Founders

Founders

Prominent Little Rock businessmen — Fred W. Allsopp, Ike Kempner, Harry Lasker, and Chris Ledwidge — were the driving force behind the building’s creation. Little Rock's explosive growth within the past decades exposed a need for better infrastructure, including a more firmly regulated food supply. Recognizing an opportunity for a central marketplace that adhered to the latest standards in health and sanitation, the quartet formed the City Market and Arcade Company on July 6, 1912.[1]

Needing a location for their vision, the company found an ideal site in the heart of Little Rock’s business district. Mount St. Mary Academy vacated the lot the Diocese of Little Rock owned, the Cathedral of Saint Andrew to its east. The school had moved to Pulaski Heights four years earlier, needing more space for its rapidly growing student population. Nearby taverns and manufacturing industries had also made its former location increasingly unattractive for the school.[2] For a marketplace, however, the spot was perfect.

Bishop John B. Morris agreed to lease the land to the City Market and Arcade Company for 99 years.
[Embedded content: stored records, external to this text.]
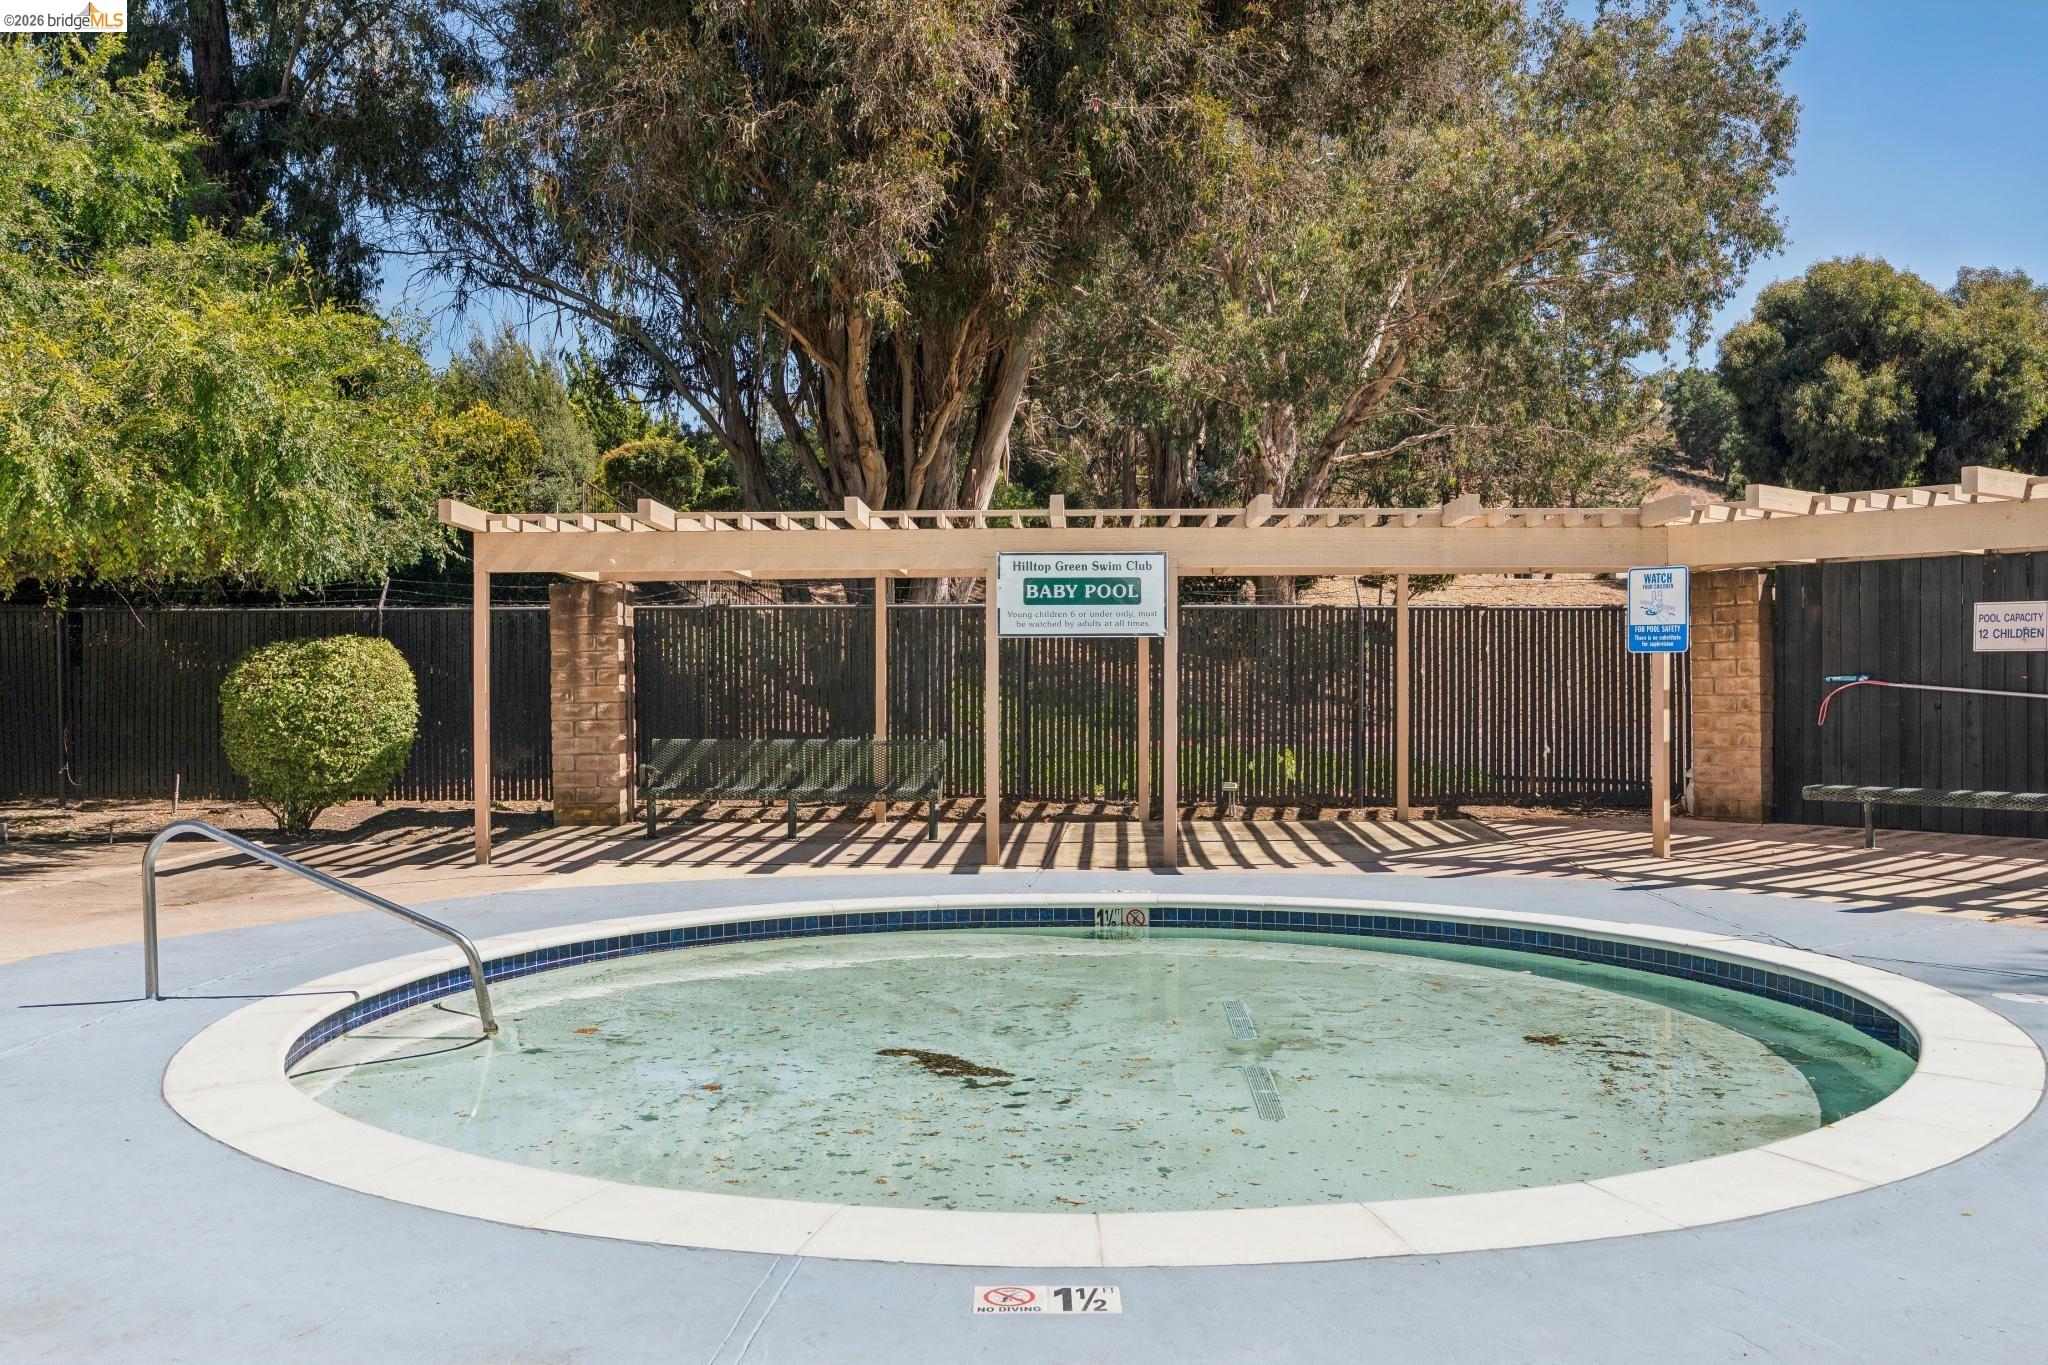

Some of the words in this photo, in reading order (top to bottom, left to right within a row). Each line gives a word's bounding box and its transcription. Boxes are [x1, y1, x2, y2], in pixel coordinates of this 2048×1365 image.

[1013, 561, 1051, 573] Hilltop
[1056, 561, 1088, 571] Green
[1092, 561, 1122, 571] Swim
[1126, 561, 1152, 571] Club
[1644, 573, 1672, 583] WATCH
[1026, 584, 1078, 598] BABY
[1085, 584, 1138, 598] POOL
[1008, 611, 1032, 619] Young
[1979, 614, 2000, 622] POOL
[2004, 613, 2043, 622] CAPACITY
[1978, 629, 1988, 638] 12
[1993, 628, 2044, 638] CHILDREN
Two company directors and an architect then traveled around the country to study marketplaces in other cities. When they returned, they were ready for architects to design the building.[3]

*The banner photo shows Mount St. Mary before it moved to its current location in Pulaski Heights, Mount St. Mary Academy was located across the street from the Cathedral of Saint Andrew. It was torn down for the construction of the Arcade. This is a photograph from Little Rock Scenes II Photograph Collection, UA Little Rock Center for Arkansas History and Culture (ualr-ph-0037_na_na_pho0007).

[1] “Articles of Agreement and Incorporation of the City Market and Arcade Company of Little Rock,” Arkansas Secretary of State, July 8, 1912.

[2] Sisters of Mercy in Arkansas with Jane Ramos, Arkansas Frontiers of Mercy: A History of the Sisters of Mercy in the Diocese of Little Rock (Fort Smith, AR: St. Edwards Press, 1989): 149.

[3] Forster, Bobbie, “New Motel, Transition Recorded,” Arkansas Democrat, December 13, 1959.